◆ **Exercise requirements**:
From the line holding "this 2000×1500 image." to the final line below, restate each line word for word and add nothing.

[Data extracted from a collection]
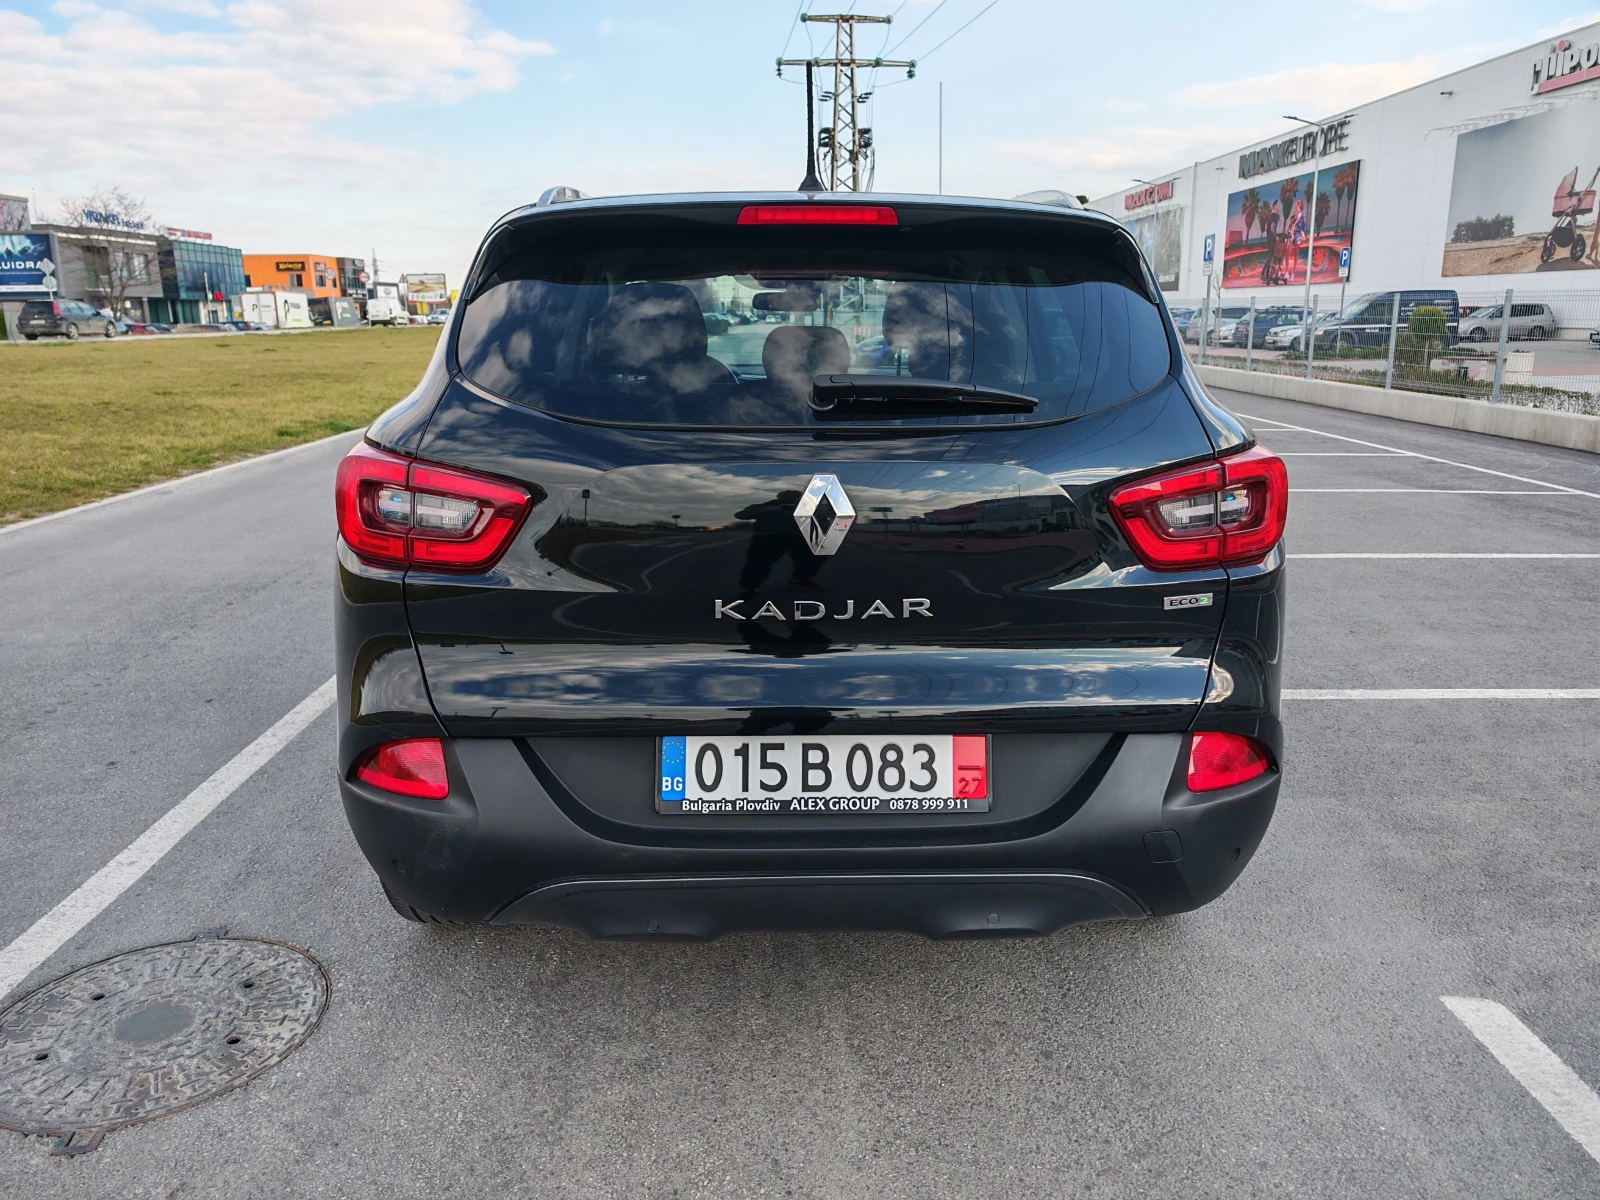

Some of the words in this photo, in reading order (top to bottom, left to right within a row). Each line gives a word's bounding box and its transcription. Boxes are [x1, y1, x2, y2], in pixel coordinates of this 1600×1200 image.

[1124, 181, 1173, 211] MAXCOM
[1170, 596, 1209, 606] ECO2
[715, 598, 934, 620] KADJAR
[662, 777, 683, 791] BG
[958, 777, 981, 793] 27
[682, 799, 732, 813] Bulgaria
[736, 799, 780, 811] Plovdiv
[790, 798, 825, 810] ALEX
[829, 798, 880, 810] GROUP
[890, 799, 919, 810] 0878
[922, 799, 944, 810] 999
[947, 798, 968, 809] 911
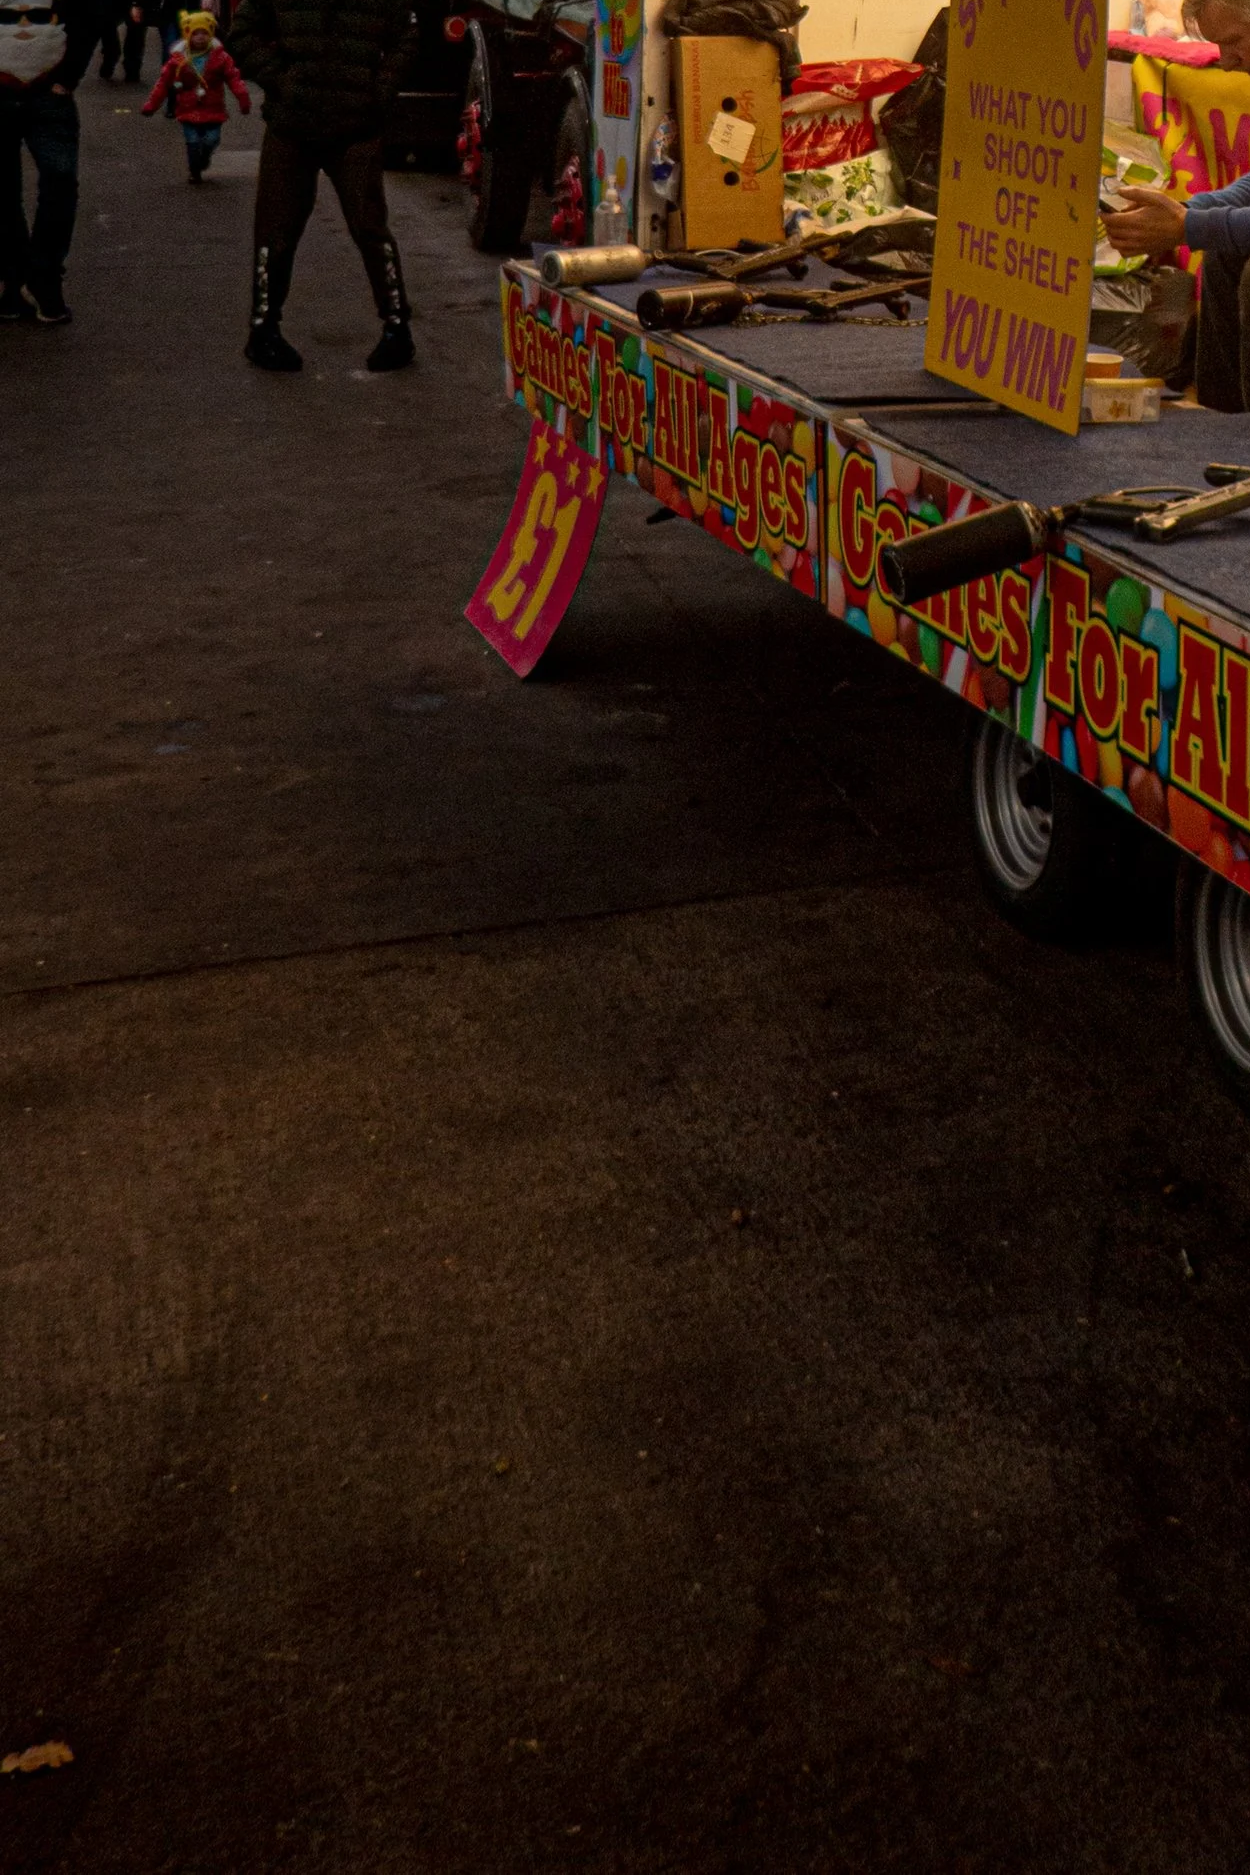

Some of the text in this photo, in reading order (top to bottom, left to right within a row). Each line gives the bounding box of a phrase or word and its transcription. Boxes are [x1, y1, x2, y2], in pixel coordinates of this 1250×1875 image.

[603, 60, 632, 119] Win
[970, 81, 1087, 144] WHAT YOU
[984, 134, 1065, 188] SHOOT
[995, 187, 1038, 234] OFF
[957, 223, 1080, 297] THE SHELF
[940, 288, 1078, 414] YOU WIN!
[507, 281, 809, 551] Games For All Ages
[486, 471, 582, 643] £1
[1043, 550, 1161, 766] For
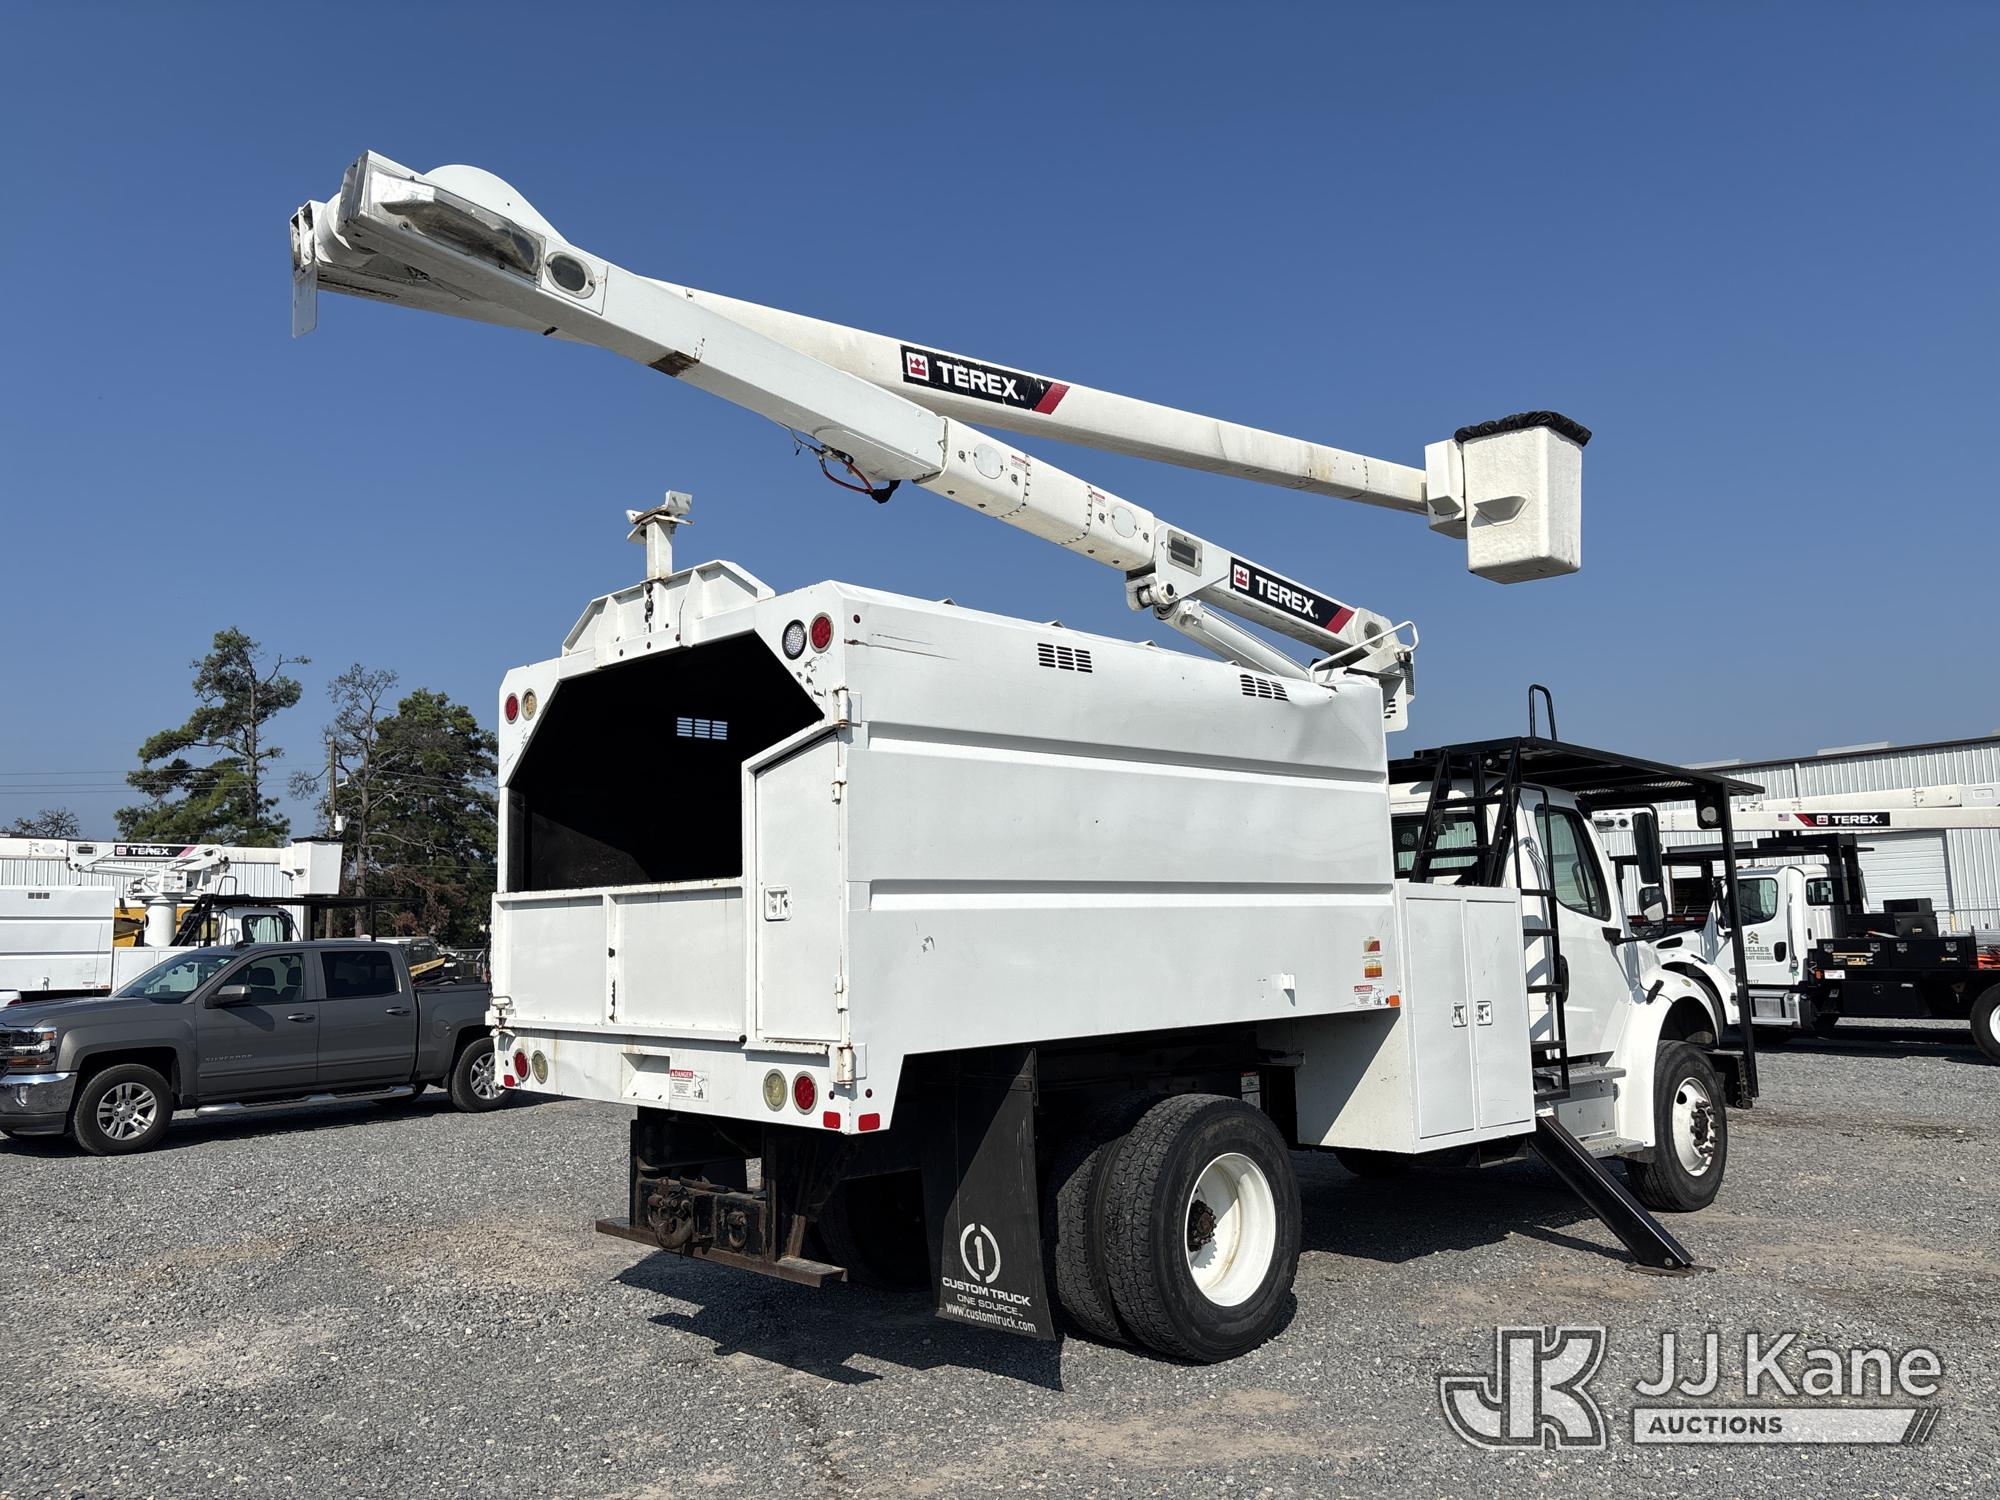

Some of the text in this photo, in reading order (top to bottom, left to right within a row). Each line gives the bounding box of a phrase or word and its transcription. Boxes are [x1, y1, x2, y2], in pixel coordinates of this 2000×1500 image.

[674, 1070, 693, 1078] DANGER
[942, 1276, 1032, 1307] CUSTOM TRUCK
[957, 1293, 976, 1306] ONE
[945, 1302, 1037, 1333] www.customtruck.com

◆ **Solution to this exercise**:
Some of the text in this photo, in reading order (top to bottom, left to right within a row). Each line gives the bounding box of a phrase or word and its transcription. Boxes are [x1, y1, x2, y2], in pixel coordinates of this 2000×1500 image.

[674, 1070, 693, 1078] DANGER
[942, 1276, 1032, 1307] CUSTOM TRUCK
[957, 1293, 976, 1306] ONE
[945, 1302, 1037, 1333] www.customtruck.com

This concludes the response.